Problem requirements -> Copy out each line below verbatim, skipping any picture.
*** Provided information ***
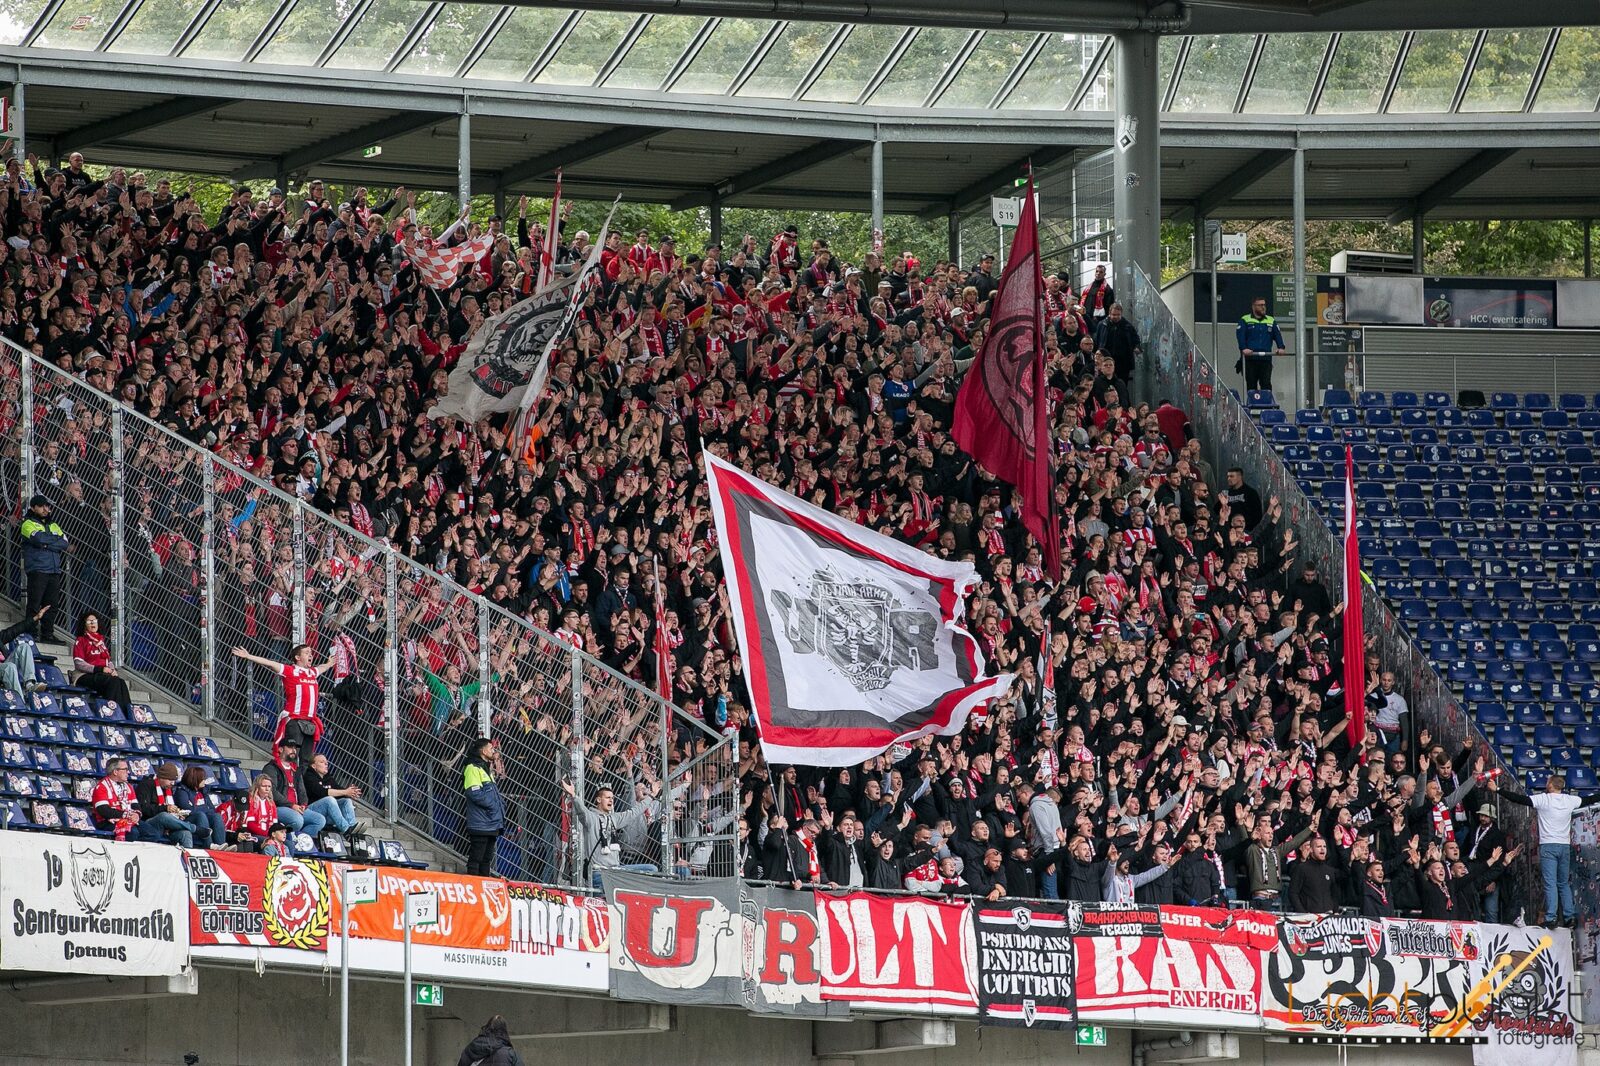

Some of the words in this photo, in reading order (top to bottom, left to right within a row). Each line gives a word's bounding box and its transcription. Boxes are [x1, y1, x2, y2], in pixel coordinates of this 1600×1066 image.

[999, 211, 1004, 219] S
[1006, 212, 1014, 220] 19
[1470, 314, 1488, 323] HCC
[1492, 315, 1548, 326] eventcatering
[43, 849, 63, 892] 19
[124, 855, 141, 898] 97
[189, 856, 219, 878] RED
[196, 883, 249, 907] EAGLES
[355, 886, 361, 895] S
[363, 885, 368, 894] 6
[417, 908, 422, 917] S
[424, 907, 429, 916] 7
[1084, 911, 1158, 924] BRANDENBURG
[1099, 901, 1138, 912] BERLIN
[13, 898, 174, 942] Senfgurkenmafia
[201, 910, 264, 934] COTTBUS
[511, 895, 580, 951] nord
[1100, 923, 1143, 937] TERROR
[1161, 911, 1201, 928] ELSTER
[1236, 919, 1276, 938] FRONT
[64, 940, 127, 962] Cottbus
[980, 931, 1071, 951] PSEUDOFANS
[1321, 935, 1353, 955] JUNGS
[444, 952, 508, 968] MASSIVHÄUSER
[982, 948, 1072, 975] ENERGIE
[982, 973, 1072, 998] COTTBUS
[1170, 989, 1253, 1011] ENERGIE
[1302, 1004, 1325, 1022] Die
[1376, 1014, 1393, 1023] von
***
Task response ->
Some of the words in this photo, in reading order (top to bottom, left to right within a row). Each line gives a word's bounding box and its transcription. Boxes are [x1, y1, x2, y2], in pixel coordinates of this 1600×1066 image.

[999, 211, 1004, 219] S
[1006, 212, 1014, 220] 19
[1470, 314, 1488, 323] HCC
[1492, 315, 1548, 326] eventcatering
[43, 849, 63, 892] 19
[124, 855, 141, 898] 97
[189, 856, 219, 878] RED
[196, 883, 249, 907] EAGLES
[355, 886, 361, 895] S
[363, 885, 368, 894] 6
[417, 908, 422, 917] S
[424, 907, 429, 916] 7
[1084, 911, 1158, 924] BRANDENBURG
[1099, 901, 1138, 912] BERLIN
[13, 898, 174, 942] Senfgurkenmafia
[201, 910, 264, 934] COTTBUS
[511, 895, 580, 951] nord
[1100, 923, 1143, 937] TERROR
[1161, 911, 1201, 928] ELSTER
[1236, 919, 1276, 938] FRONT
[64, 940, 127, 962] Cottbus
[980, 931, 1071, 951] PSEUDOFANS
[1321, 935, 1353, 955] JUNGS
[444, 952, 508, 968] MASSIVHÄUSER
[982, 948, 1072, 975] ENERGIE
[982, 973, 1072, 998] COTTBUS
[1170, 989, 1253, 1011] ENERGIE
[1302, 1004, 1325, 1022] Die
[1376, 1014, 1393, 1023] von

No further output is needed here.